At the same time, our comments aim to avoid making service of documents the sole duty of the Registry, which invariably results in delays and increased costs. We have proposed that, where possible, a party to a case serve any document at the same time as they file the document with the Registry and that the Registry receive electronic service of documents in addition to the hard copies it needs. ; and that parties should have the right to choose to receive the service electronically where practical and possible. Registries that successfully place service on the register invariably use efficient electronic systems and no longer administer physical service of paper documents. There are countless examples of registries that fail in their function because they cannot shoulder the burden of serving physical documents. The other problem inherent in the practice is that the Tribunal may be required to rule on an uncontested case in which it must be satisfied that its own efforts to serve a document were adequate. Business tends to stop when a court is unable to help. Unfortunately, the manner in which documents are to be filed and served is prescribed by law, which limits the extent to which the rules can be formed. Nevertheless, we believe that it is possible to resolve some of the problems by amending the draft regulation.

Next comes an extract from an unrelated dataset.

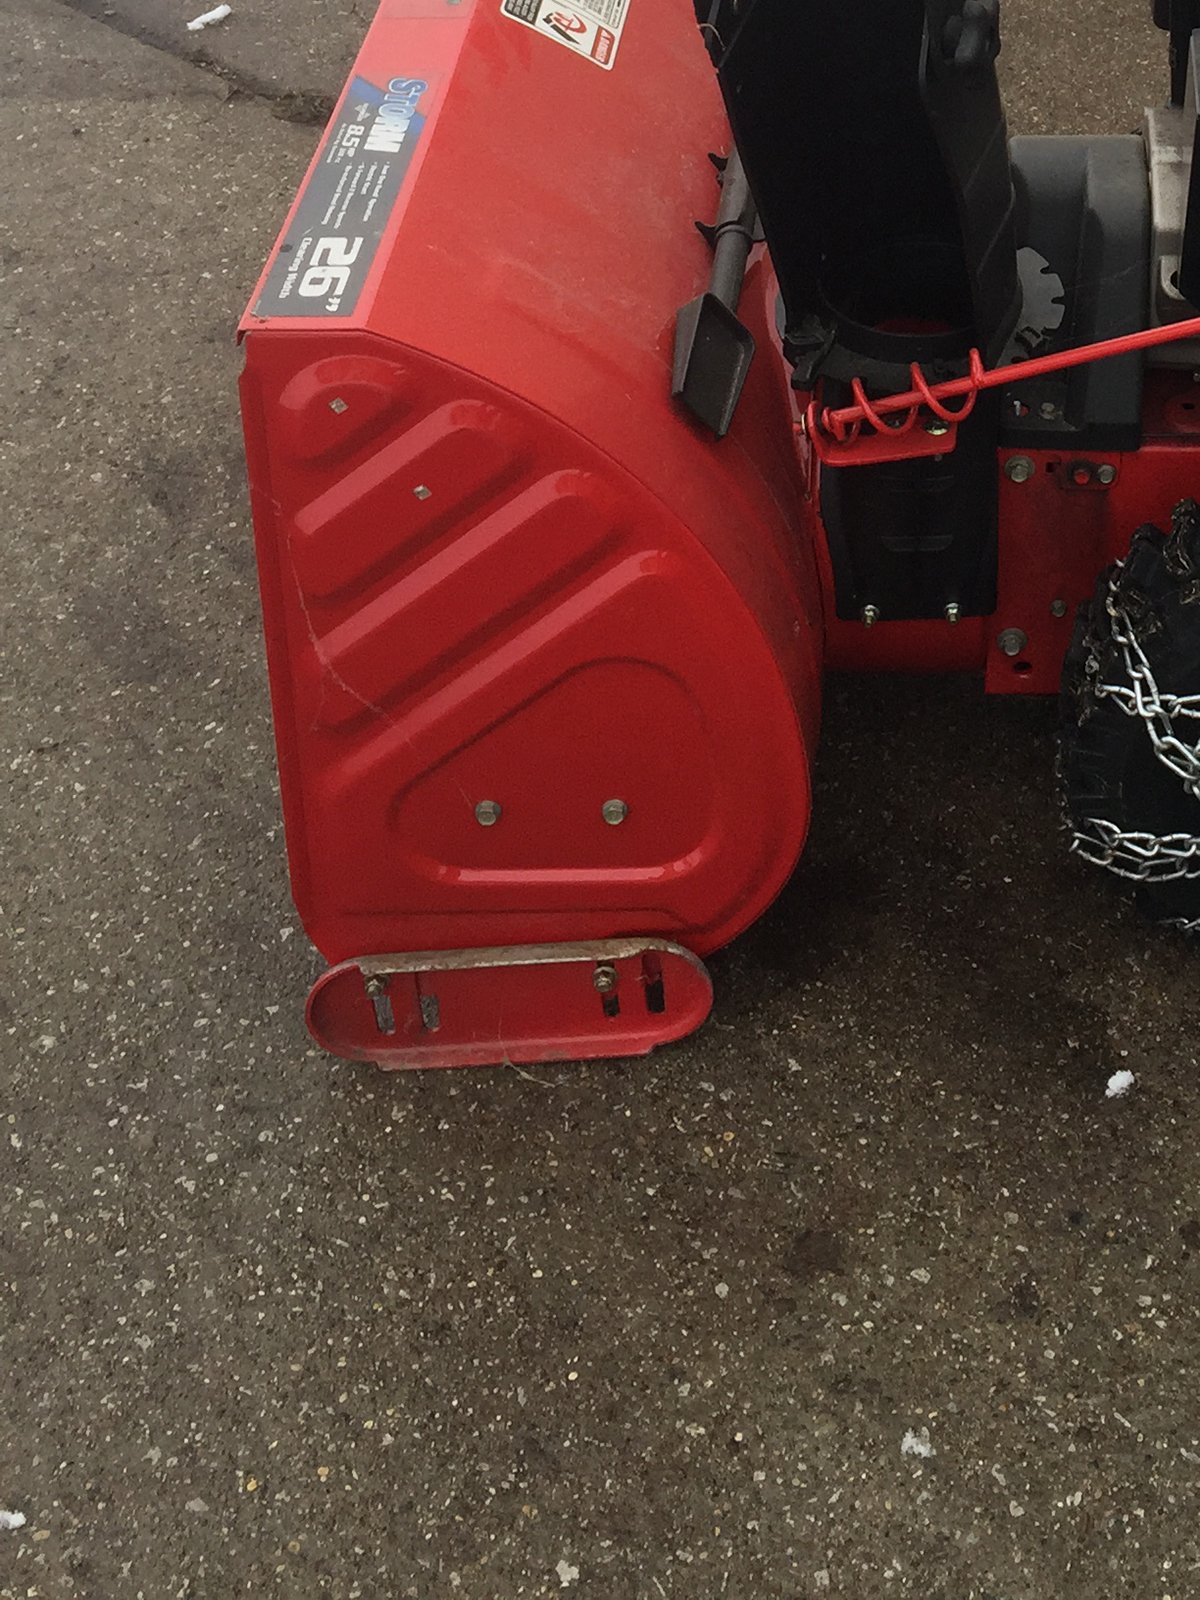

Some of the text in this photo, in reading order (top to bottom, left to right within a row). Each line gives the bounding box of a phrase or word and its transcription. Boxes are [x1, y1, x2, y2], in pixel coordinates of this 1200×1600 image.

Finally, the draft regulations give the Tribunal the power to join any party that the Tribunal considers a necessary party to an appeal. We questioned whether this was prudent, given that it is the responsibility of litigants to name interested parties or to join parties whose interests become evident at a later stage or to notify those parties who may have the right to intervene and take part in the proceedings. The Tribunal should only be allowed to order a litigant to inform a third party of the proceedings or to join such a party. The rules also do not provide for a mechanism by which such a junction can be achieved.
We hope that our comments will be considered by the Rules Committee of the Industrial Property Tribunal and that the latter will take due account of the underlying issues that our proposal seeks to resolve.